■ **What you should do**
Set down the data again word for word. Skip any pictures.

■ **Records for the exercise**
####################
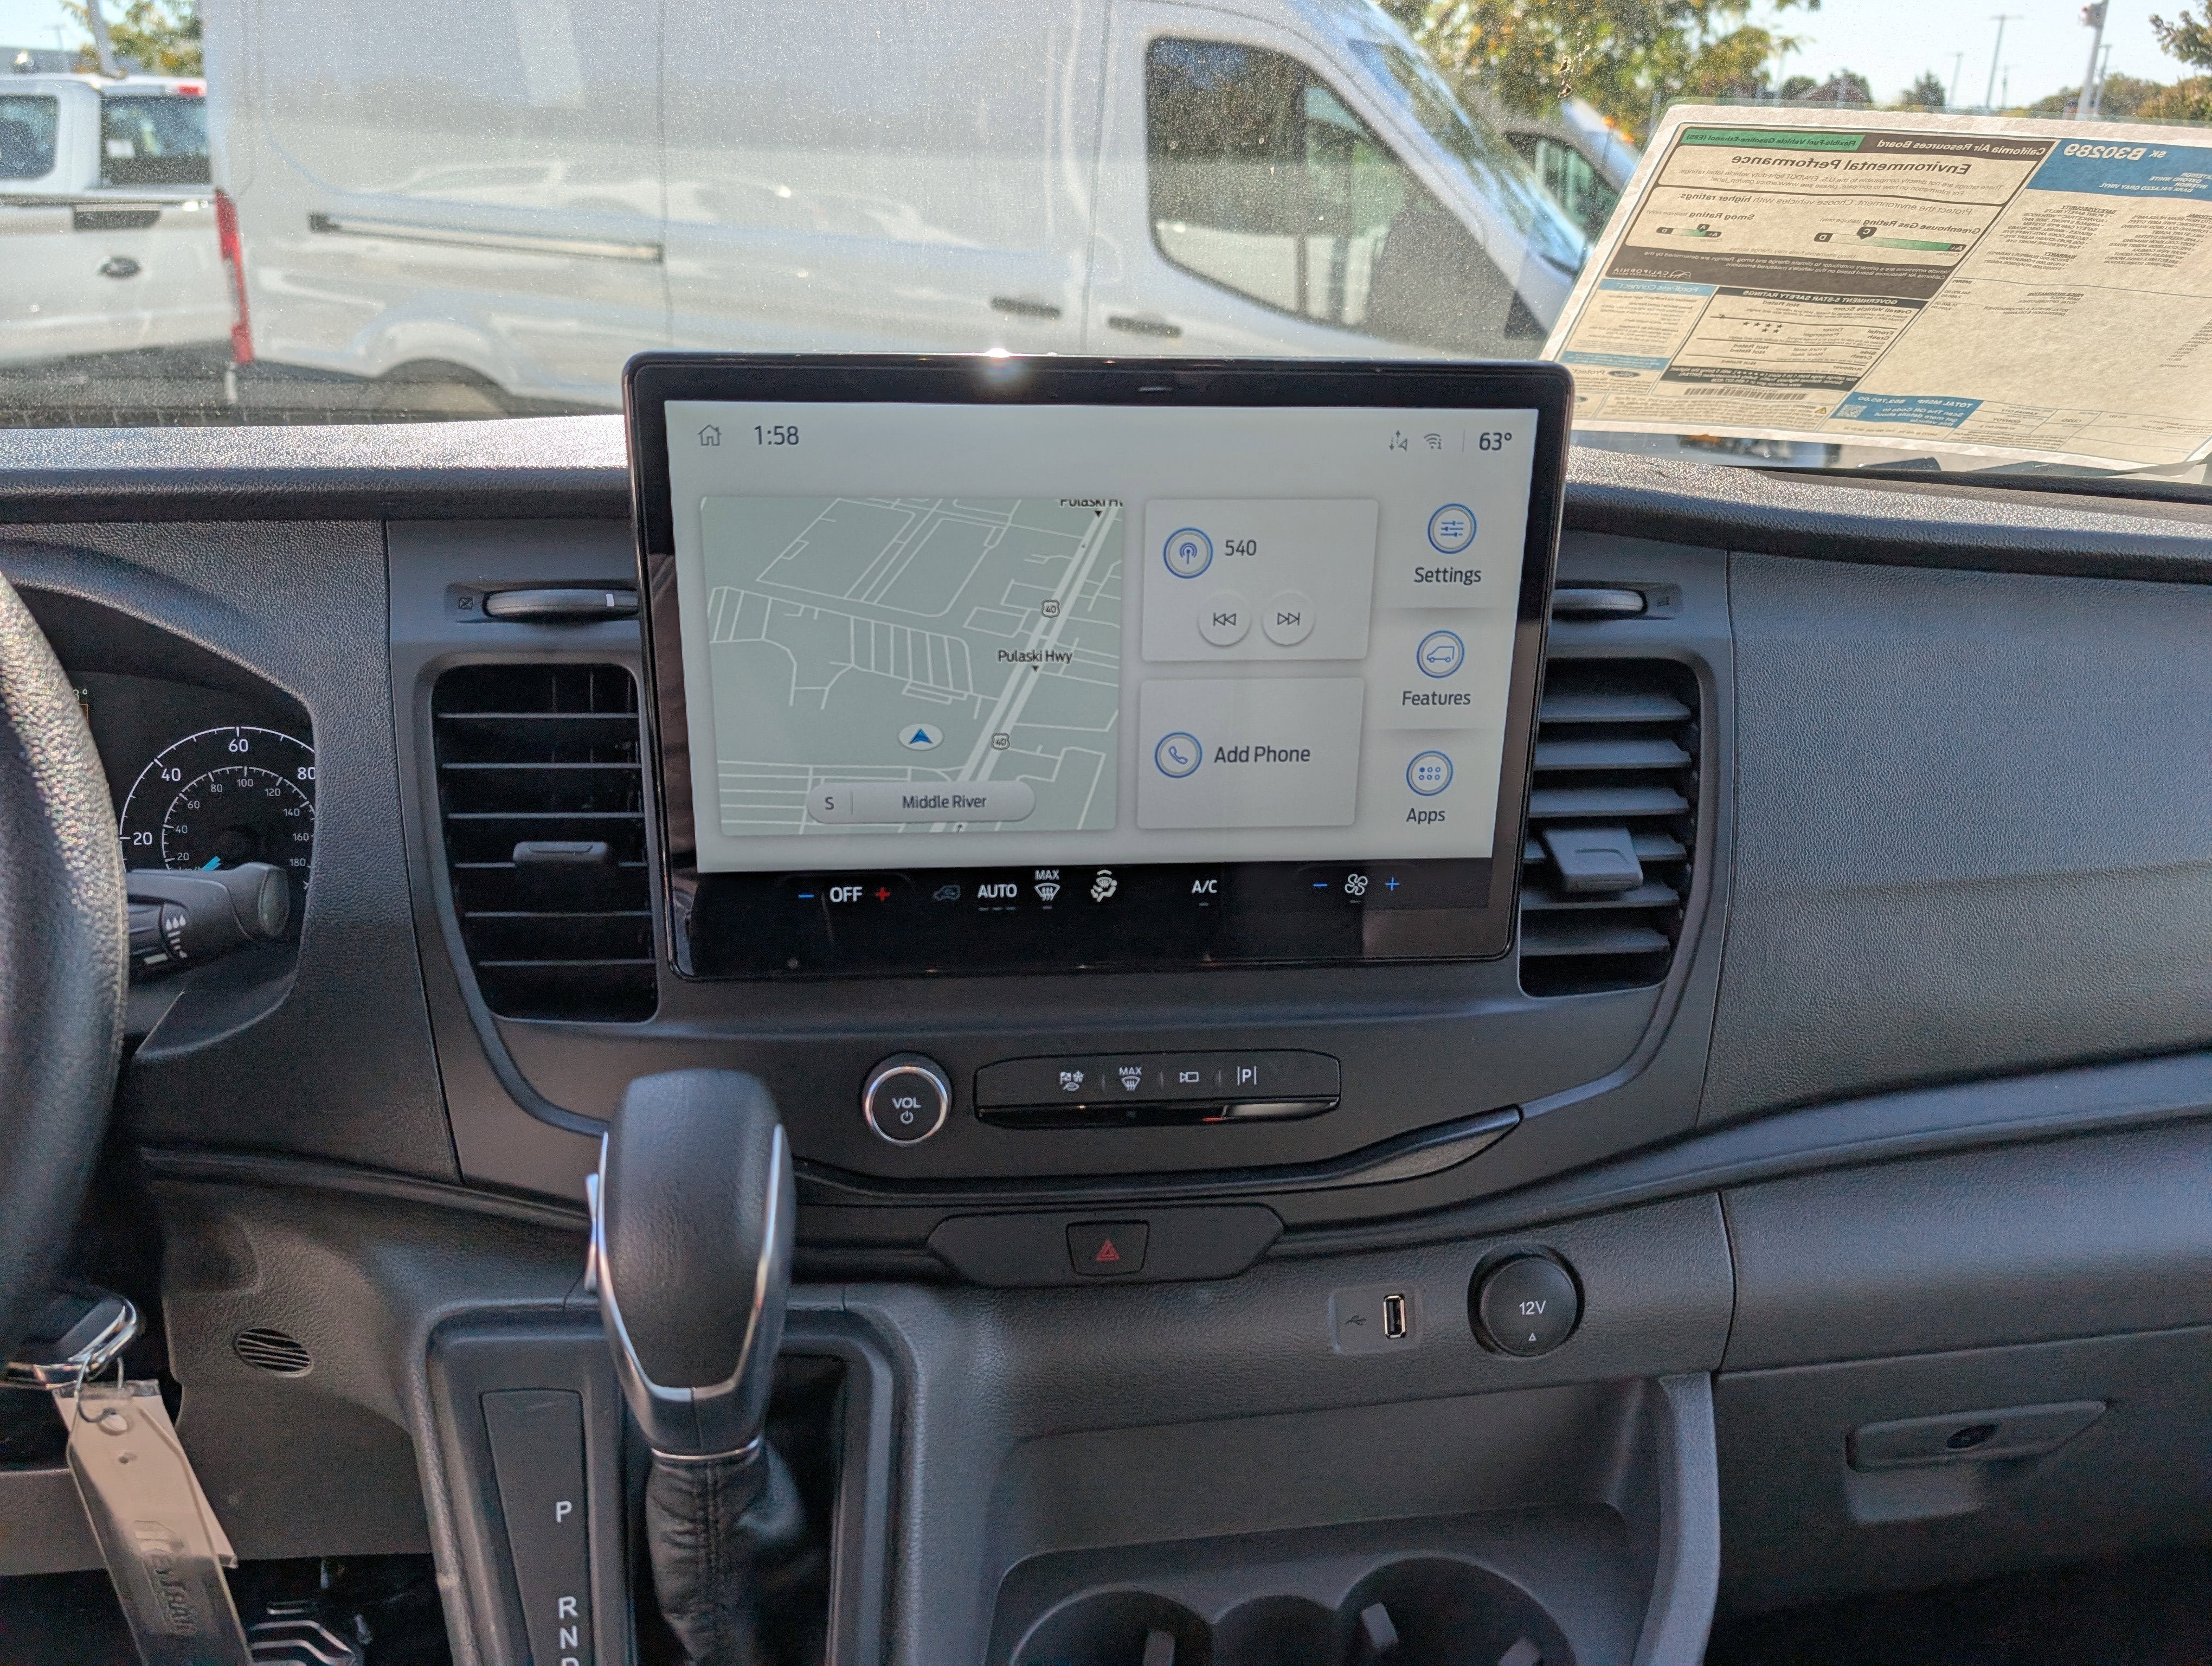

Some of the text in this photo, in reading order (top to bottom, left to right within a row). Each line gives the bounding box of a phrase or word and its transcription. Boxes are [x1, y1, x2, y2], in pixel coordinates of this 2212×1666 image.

[754, 425, 800, 446] 1:58
[1479, 432, 1512, 451] 63°
[1225, 540, 1257, 556] 540
[1414, 566, 1482, 585] Settings
[1045, 605, 1057, 614] 40
[998, 650, 1073, 665] Pulaski Hwy
[1402, 690, 1471, 707] Features
[229, 739, 249, 753] 60
[995, 738, 1006, 747] 40
[1214, 746, 1311, 763] Add Phone
[161, 768, 181, 781] 40
[298, 766, 316, 780] 80
[210, 784, 223, 793] 80
[237, 778, 254, 787] 100
[265, 788, 281, 797] 120
[188, 800, 200, 809] 60
[824, 795, 987, 810] S Middle River
[283, 808, 300, 817] 140
[1406, 808, 1446, 824] Apps
[175, 825, 188, 834] 40
[133, 832, 152, 845] 20
[292, 833, 309, 841] 160
[177, 853, 189, 861] 20
[289, 858, 306, 867] 180
[1035, 870, 1059, 881] MAX
[978, 883, 1017, 898] AUTO
[1192, 879, 1217, 894] A/C
[829, 887, 863, 902] OFF
[1119, 1067, 1142, 1076] MAX
[892, 1097, 921, 1109] VOL
[1519, 1300, 1546, 1316] 12V
[555, 1501, 572, 1523] P
[558, 1596, 578, 1619] R
[560, 1625, 578, 1649] N
####################
■ **Solution for this exercise**
Some of the text in this photo, in reading order (top to bottom, left to right within a row). Each line gives the bounding box of a phrase or word and its transcription. Boxes are [x1, y1, x2, y2], in pixel coordinates of this 2212×1666 image.

[754, 425, 800, 446] 1:58
[1479, 432, 1512, 451] 63°
[1225, 540, 1257, 556] 540
[1414, 566, 1482, 585] Settings
[1045, 605, 1057, 614] 40
[998, 650, 1073, 665] Pulaski Hwy
[1402, 690, 1471, 707] Features
[229, 739, 249, 753] 60
[995, 738, 1006, 747] 40
[1214, 746, 1311, 763] Add Phone
[161, 768, 181, 781] 40
[298, 766, 316, 780] 80
[210, 784, 223, 793] 80
[237, 778, 254, 787] 100
[265, 788, 281, 797] 120
[188, 800, 200, 809] 60
[824, 795, 987, 810] S Middle River
[283, 808, 300, 817] 140
[1406, 808, 1446, 824] Apps
[175, 825, 188, 834] 40
[133, 832, 152, 845] 20
[292, 833, 309, 841] 160
[177, 853, 189, 861] 20
[289, 858, 306, 867] 180
[1035, 870, 1059, 881] MAX
[978, 883, 1017, 898] AUTO
[1192, 879, 1217, 894] A/C
[829, 887, 863, 902] OFF
[1119, 1067, 1142, 1076] MAX
[892, 1097, 921, 1109] VOL
[1519, 1300, 1546, 1316] 12V
[555, 1501, 572, 1523] P
[558, 1596, 578, 1619] R
[560, 1625, 578, 1649] N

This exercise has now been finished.